Digamos que você seja poderoso e invencível. Ninguém pode reprimi-lo,
ninguém pode batê-lo. O que o impedirá de pegar o que quiser, quando
quiser? O outro tem uma mulher que você deseja? Você a toma. Aquela casa
é melhor do que a sua? Você expulsa quem nela mora e lá se instala.
Você não gosta de um vizinho? Resolve o incômodo metendo-lhe uma bala na
têmpora.
O que lhe impediria de fazer isso, se você fosse poderoso, se estivesse fora do alcance do braço da lei?
Talvez apenas a percepção de que essas ações são erradas. De que são… pecados. Eis aí uma noção importante na formação do espírito civilizado do ser humano: a noção do pecado.
Os hebreus inventaram o pecado, mais especificamente os profetas
hebreus, por volta do oitavo século antes de Cristo. Até então, as
religiões não tinham sentido moral. Mesmo o judaísmo pioneiro não tinha
sentido moral. Os homens tentavam agradar a seus deuses com sacrifícios e
com adoração a fim de obter benesses ou evitar infortúnios, mas não
precisavam ter bom comportamento ou respeitar o próximo.

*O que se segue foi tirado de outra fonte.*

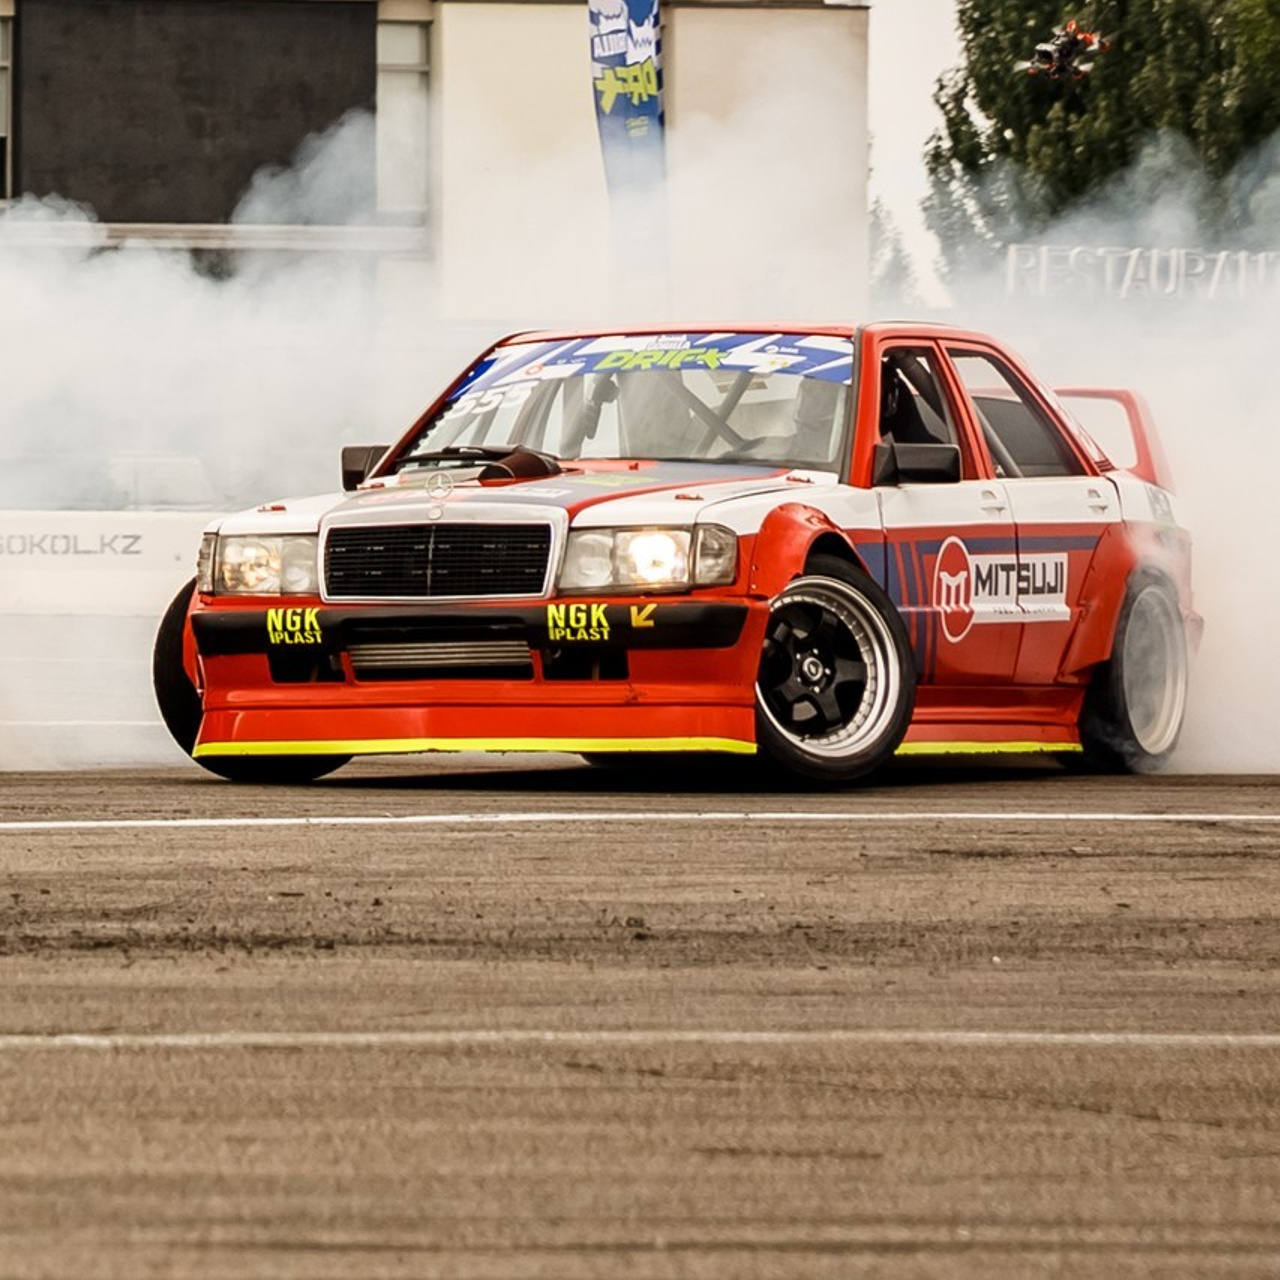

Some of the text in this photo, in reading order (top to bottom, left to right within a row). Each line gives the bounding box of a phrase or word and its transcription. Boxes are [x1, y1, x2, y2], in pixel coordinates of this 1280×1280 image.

É verdade que Moisés fez uma tentativa de estabelecimento de padrões
éticos antes do ano 1.000 a.C, com os 10 Mandamentos, mas logo os
hebreus voltaram aos velhos hábitos. Foram os profetas, sobretudo os
três Isaías, que reenquadraram o judaísmo e fundaram a ética ocidental.

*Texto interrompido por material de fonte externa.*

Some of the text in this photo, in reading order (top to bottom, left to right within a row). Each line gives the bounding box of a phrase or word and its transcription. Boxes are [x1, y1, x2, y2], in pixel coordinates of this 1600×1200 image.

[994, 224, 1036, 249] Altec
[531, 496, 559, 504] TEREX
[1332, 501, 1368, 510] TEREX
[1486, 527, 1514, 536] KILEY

Foram eles, inclusive, que estabeleceram o domínio masculino no mundo.
Todas as religiões tinham poderosas deusas-mães, e o judaísmo também:
Aserá era a deusa consorte de Javé, chamada de “a rainha dos céus”. O
culto a Aserá foi sufocado para que os homens sufocassem as mulheres,
mas isso é assunto para outra crônica. Quero voltar aos três profetas
Isaías. O Primeiro Isaías era um Lênin de sandálias. Ele pregava:
“Lavem-se! Limpem-se! Removam suas más obras para longe das minhas
vistas! Parem de fazer o mal! Aprendam a fazer o bem! Busquem a justiça!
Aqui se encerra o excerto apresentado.